* _What the exercise asks_
What the answer must contain is every line of the records, exactly, with no pictures.

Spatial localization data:
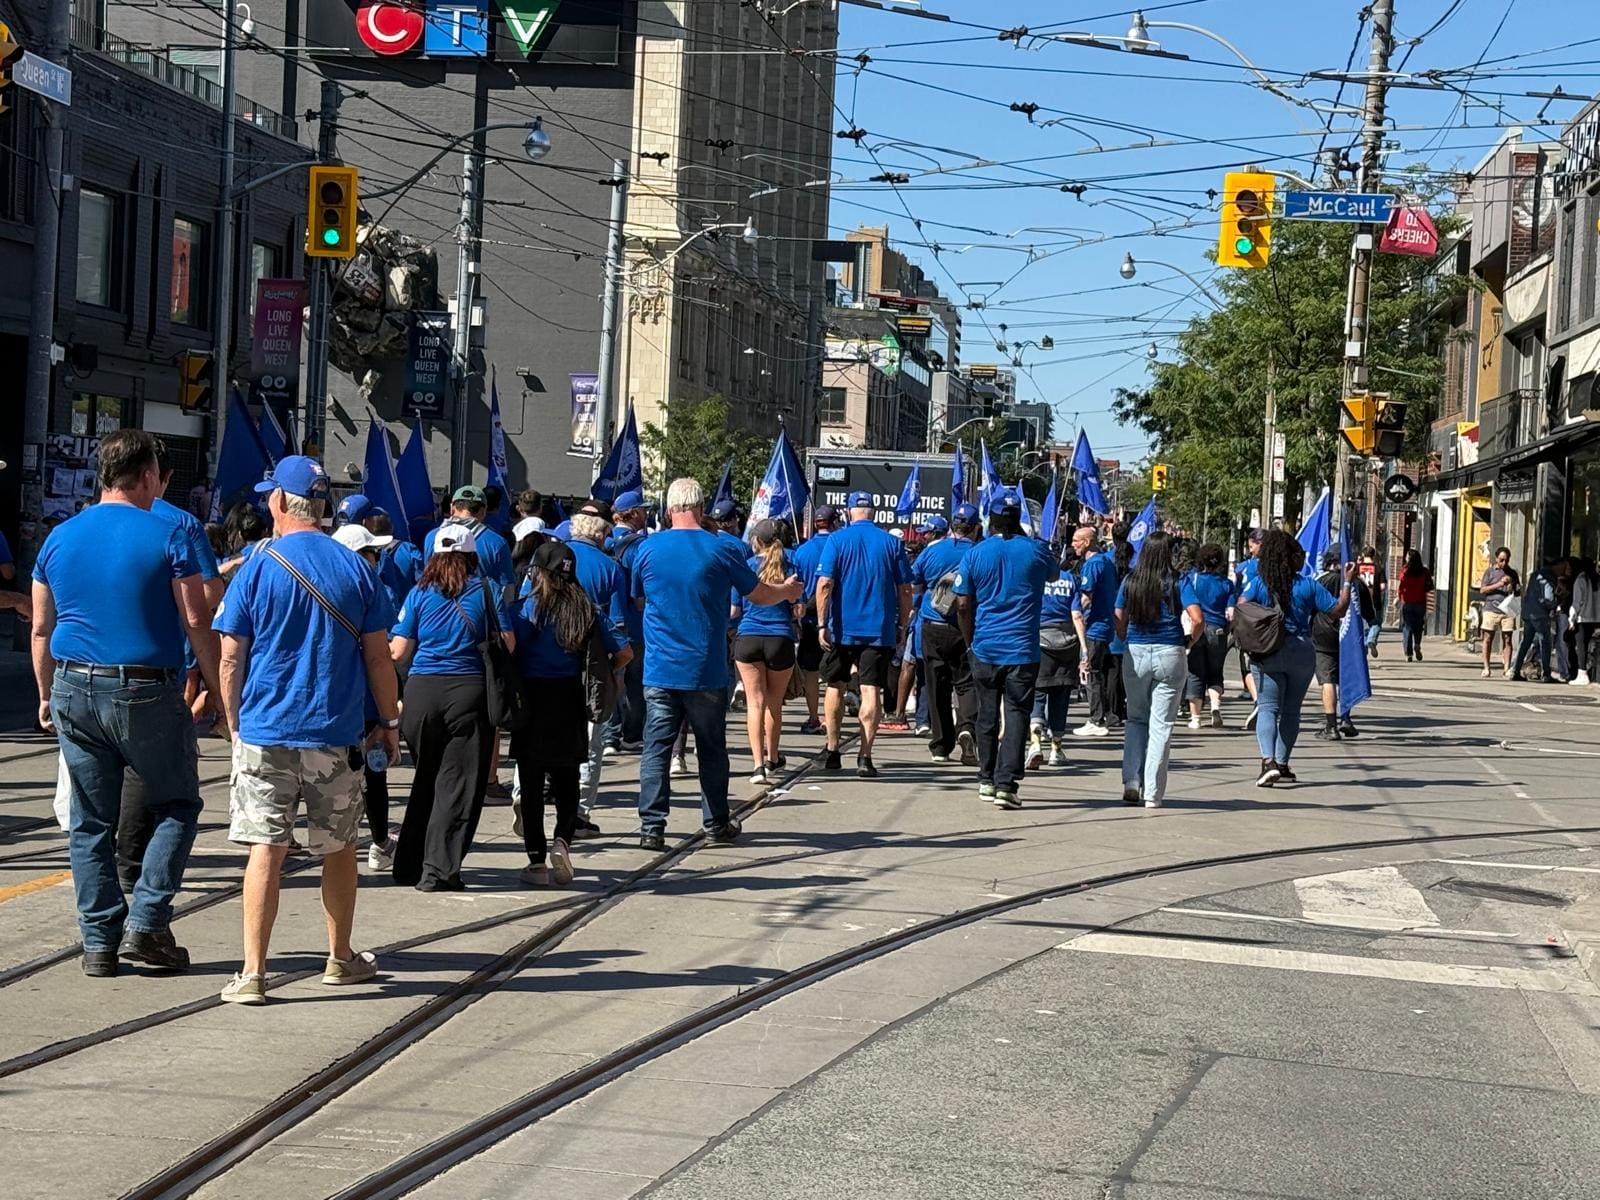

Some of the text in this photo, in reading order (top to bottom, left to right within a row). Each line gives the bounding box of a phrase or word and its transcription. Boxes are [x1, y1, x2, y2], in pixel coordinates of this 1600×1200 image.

[367, 3, 549, 46] CTV
[22, 56, 49, 88] Queen
[1308, 196, 1376, 217] McCaul
[1406, 213, 1418, 227] TO
[1390, 228, 1430, 245] CHEERS
[267, 309, 292, 321] LONG
[268, 325, 289, 337] LIVE
[262, 338, 292, 352] QUEEN
[419, 336, 440, 347] LONG
[264, 353, 288, 365] WEST
[420, 348, 437, 360] LIVE
[414, 360, 440, 372] QUEEN
[416, 373, 437, 384] WEST
[825, 491, 847, 506] THE
[883, 494, 898, 508] TO
[916, 496, 945, 510] TICE
[873, 510, 895, 524] JOB
[1053, 586, 1071, 598] ALL

* _Written reply_
Some of the text in this photo, in reading order (top to bottom, left to right within a row). Each line gives the bounding box of a phrase or word and its transcription. Boxes are [x1, y1, x2, y2], in pixel coordinates of this 1600×1200 image.

[367, 3, 549, 46] CTV
[22, 56, 49, 88] Queen
[1308, 196, 1376, 217] McCaul
[1406, 213, 1418, 227] TO
[1390, 228, 1430, 245] CHEERS
[267, 309, 292, 321] LONG
[268, 325, 289, 337] LIVE
[262, 338, 292, 352] QUEEN
[419, 336, 440, 347] LONG
[264, 353, 288, 365] WEST
[420, 348, 437, 360] LIVE
[414, 360, 440, 372] QUEEN
[416, 373, 437, 384] WEST
[825, 491, 847, 506] THE
[883, 494, 898, 508] TO
[916, 496, 945, 510] TICE
[873, 510, 895, 524] JOB
[1053, 586, 1071, 598] ALL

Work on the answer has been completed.